An important feature of many ultrasonic meters is their built-in diagnostics, which enable them to detect the presence of liquids (two-phase flow), dirt buildup, blockage, and other problems. And because they measure speed of sound in the gas, they can help provide a sanity check on other instruments, such as gas chromatographs, and check the accuracy of mathematical conversion to standard pressure elsewhere in the system. The ultrasonic meter constantly measures the speed of sound in the flowing gas. The unit’s built-in flow computer functionality also can calculate the speed of sound based on input data from pressure and temperature transmitters and a gas chromatograph (GC). Any disagreement between the computed and measured values indicates a problem somewhere in the system.

An ultrasonic meter is very effective at detecting two-phase flow; the presence of liquids generally indicates a problem elsewhere in the system (or that the ultrasonic meter has been installed at the wrong location). The sudden appearance of liquids can indicate a problem with the separation equipment upstream of gas processing, while any ethanes or propanes that condense out of the natural gas flow downstream of gas processing are products that should have been separated for sale as liquids and indicate process issues with the gas processing plant. The use of ultrasonic meters for custody transfer is governed by AGA-9 and ISO/DIS 17089-1 (see Figure 6). 

Flow computers

Figure 6: The use of ultrasonic meters for custody transfer is governed by AGA-9 and ISO/DIS 17089-1. Courtesy: American Gas AssociationFlow computers measure, monitor, and may provide control of gas flow for all types of meters. They usually are mandatory for custody transfer applications. The flow computer receives volumetric flow measurement data from DP or ultrasonic gas meters, along with temperature and pressure, and calculates the flow rate. To calculate the energy flow, the flow computer needs information on gas composition (percentage of methane and heavy hydrocarbons, as well as any nitrogen and carbon dioxide) and density. Because a Coriolis meter measures mass flow directly, much of the calculation can be done by a flow computer built into that instrument.

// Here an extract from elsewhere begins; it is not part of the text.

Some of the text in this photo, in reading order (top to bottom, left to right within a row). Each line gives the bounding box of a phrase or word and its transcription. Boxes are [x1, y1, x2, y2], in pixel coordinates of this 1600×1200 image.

The flow computer also acts as a record keeper recording date and time, instantaneous, hourly, and daily data. It stores date/time-stamped volume records in memory long enough for a host system to retrieve the records as well as to allow time for human intervention if this retrieval fails to occur.

Shale gas is different

It’s important to note that shale gas, which is what is fueling the transformation of the energy industry, is different from conventional natural gas in several important ways. First, it may contain less than 50% methane, compared to 85% for conventional gas. The rest generally is heavy hydrocarbons: ethane, propane, butane, iso- and normal-pentane, etc. And because shale gas wells are switched in and out, that composition can change in a matter of hours. In addition, it’s often accompanied by large amounts of water, CO2, H2S, and sand. 

Gathering shale gas

The exact sequence of steps in shale gas recovery and separation varies somewhat from place to place, but the following description gives the general idea.

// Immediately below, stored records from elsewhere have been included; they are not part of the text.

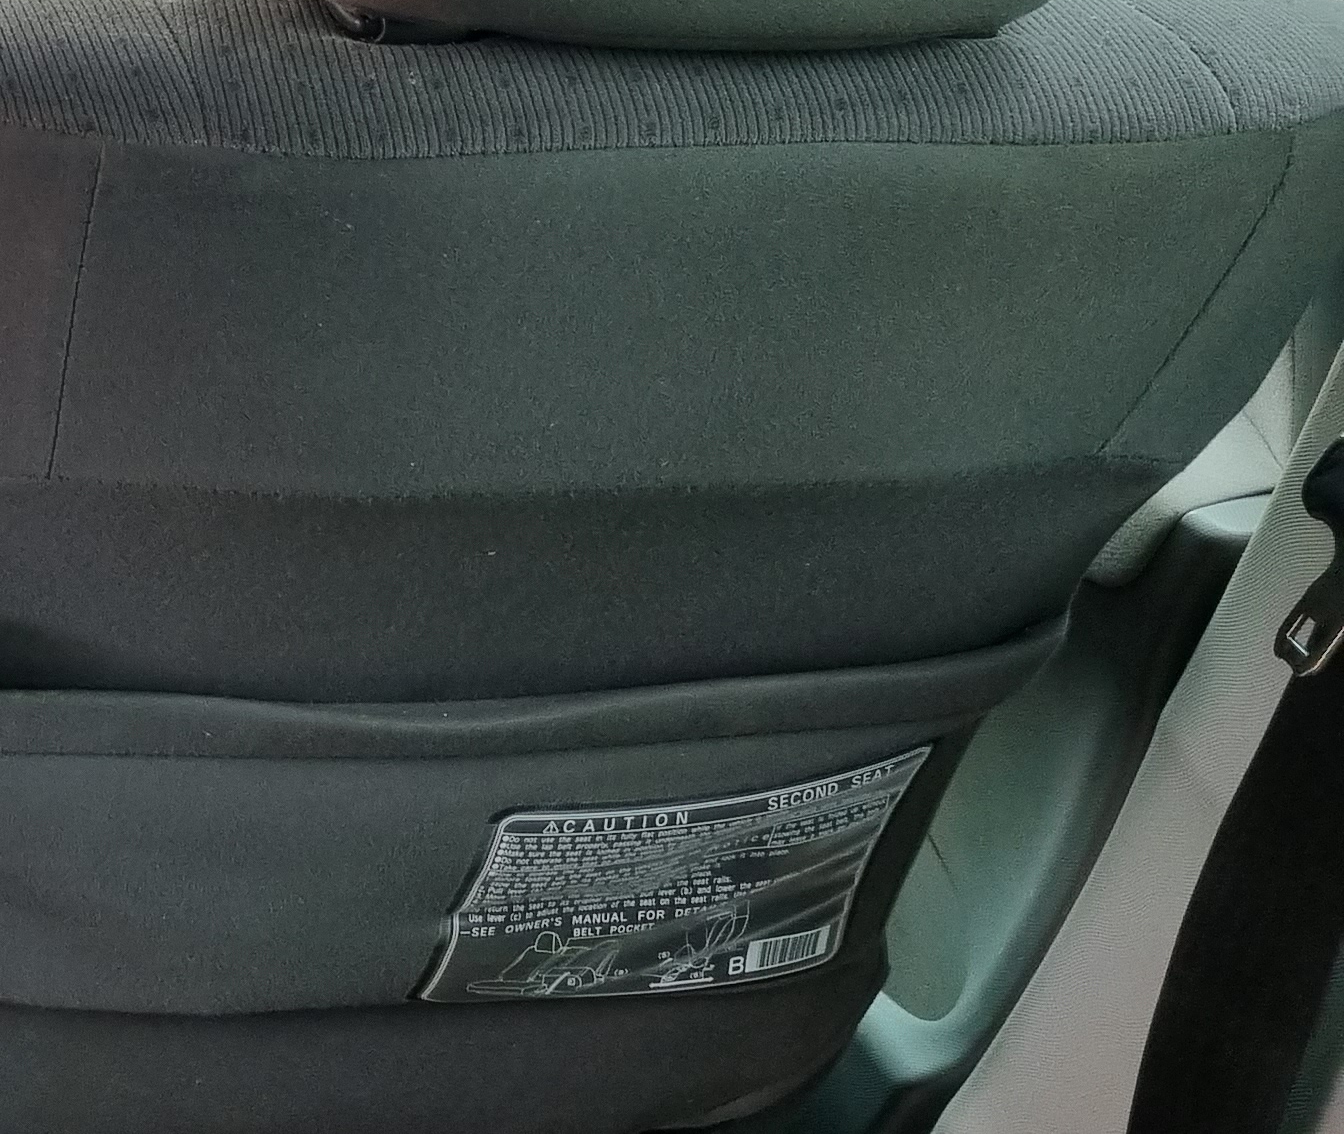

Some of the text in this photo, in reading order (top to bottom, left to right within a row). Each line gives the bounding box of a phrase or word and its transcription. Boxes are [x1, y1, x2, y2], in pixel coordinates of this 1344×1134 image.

[767, 764, 895, 811] SECOND SEAT
[562, 811, 689, 833] CAUTION
[468, 914, 483, 923] Use
[487, 914, 506, 922] lever
[505, 916, 563, 934] OWNER'S
[572, 911, 628, 926] MANUAL
[637, 909, 666, 921] FOR
[573, 922, 655, 937] BELT POCKET
[728, 956, 745, 975] B
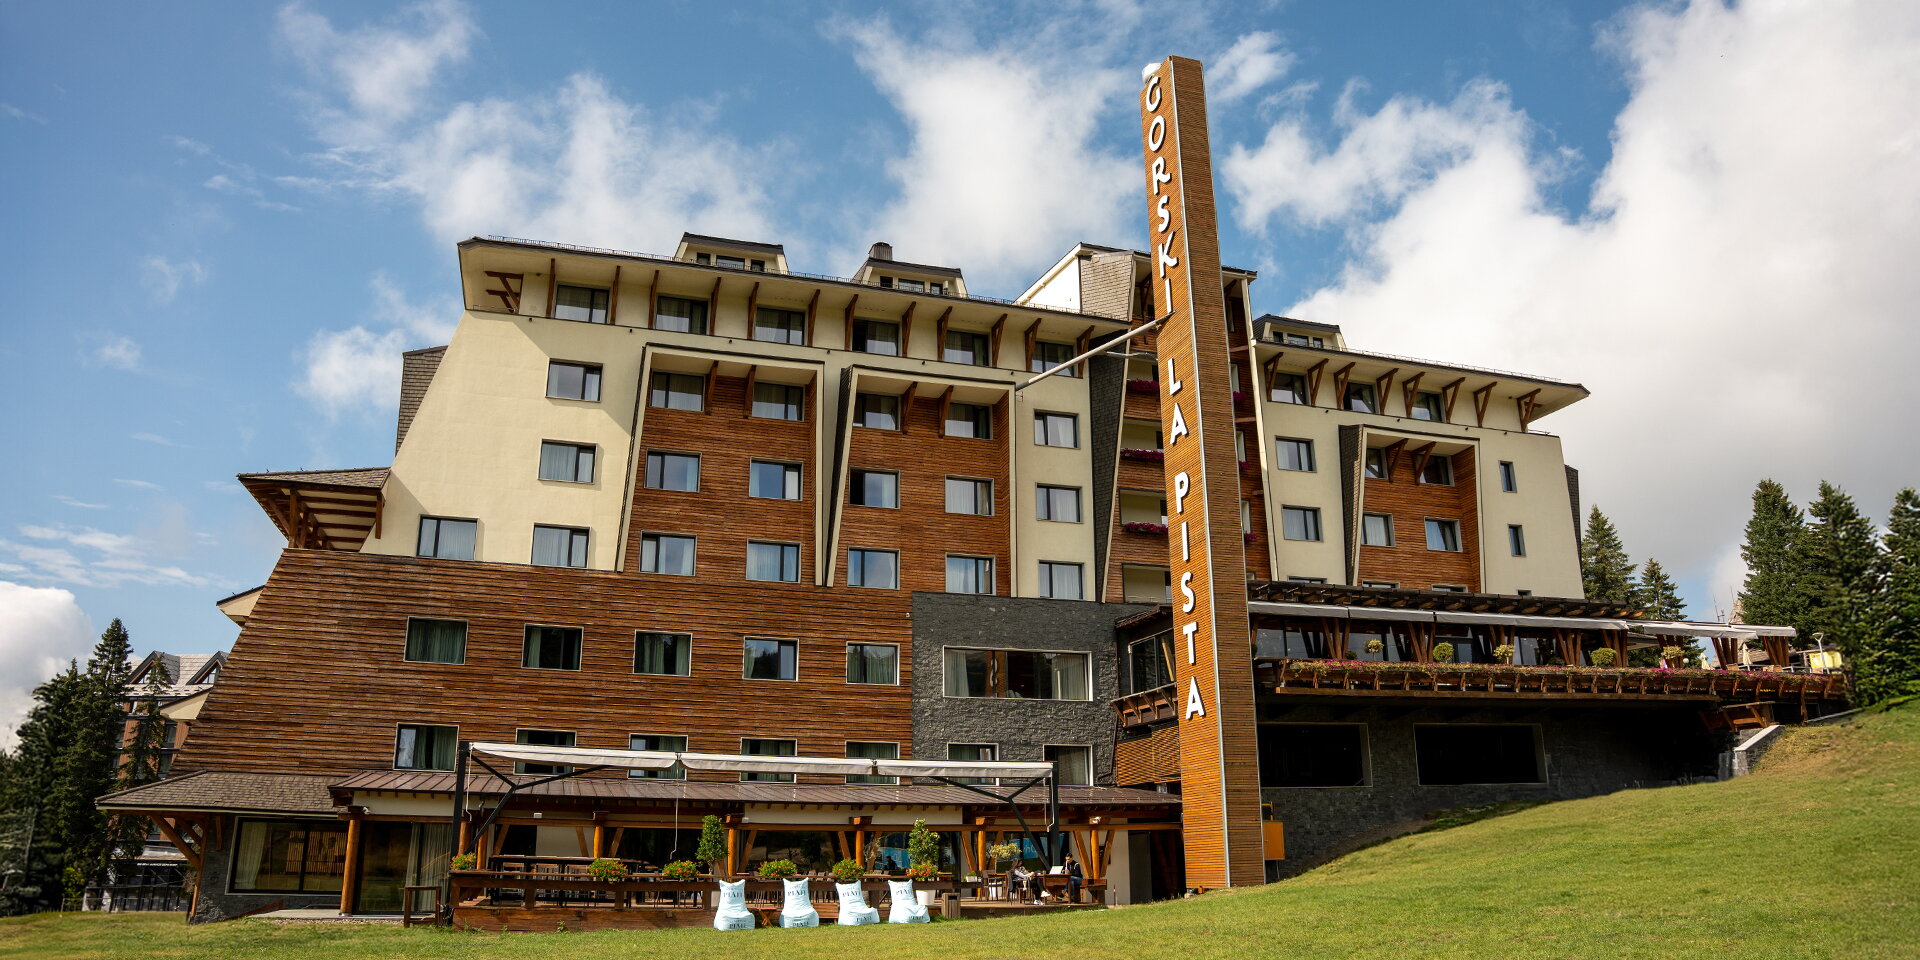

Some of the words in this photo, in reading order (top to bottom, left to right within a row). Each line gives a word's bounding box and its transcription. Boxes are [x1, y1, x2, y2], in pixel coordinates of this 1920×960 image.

[1145, 76, 1178, 314] GORSKI
[1168, 358, 1188, 445] LA
[1175, 471, 1206, 719] PISTA

Shale gas fields generally consist of multiple wells that feed a satellite skid through fairly small diameter lines, none of which carry enough gas to justify the cost of a high-end flowmeter. DP meters are the choice here because they are simple and inexpensive. True, they can be fouled by dirt and confused by multiphase flow, but they aren’t being used for fiscal measurement; rather to help the operator keep track of how the different wells are behaving to choose which ones to start and stop. As long as accuracy is reasonable, and repeatability is acceptable, a DP meter is the logical choice.

From the satellite skid, the gathered gas goes to a knockout pot or sand trap where bulk liquids and particles are removed and then to a flowmeter—generally a DP meter as well—through a 6- or 8-in. pipe. This works well as long as the system isn’t pushed so hard that liquids or dirt are carried through into the flowmeter, which can reduce the orifice size and make the meter read high.

From the knockout pot, the gas flows to a dehydrator to remove water vapor and perhaps to a micro-membrane separator to remove excess CO2. Next, the gas goes to natural gas liquid separators and perhaps a debutanizer and/or an H2S separator. These generally are 8- to 10-in. lines, and a Coriolis meter or an ultrasonic gas flowmeter can be a good choice here because of their large turndowns involved.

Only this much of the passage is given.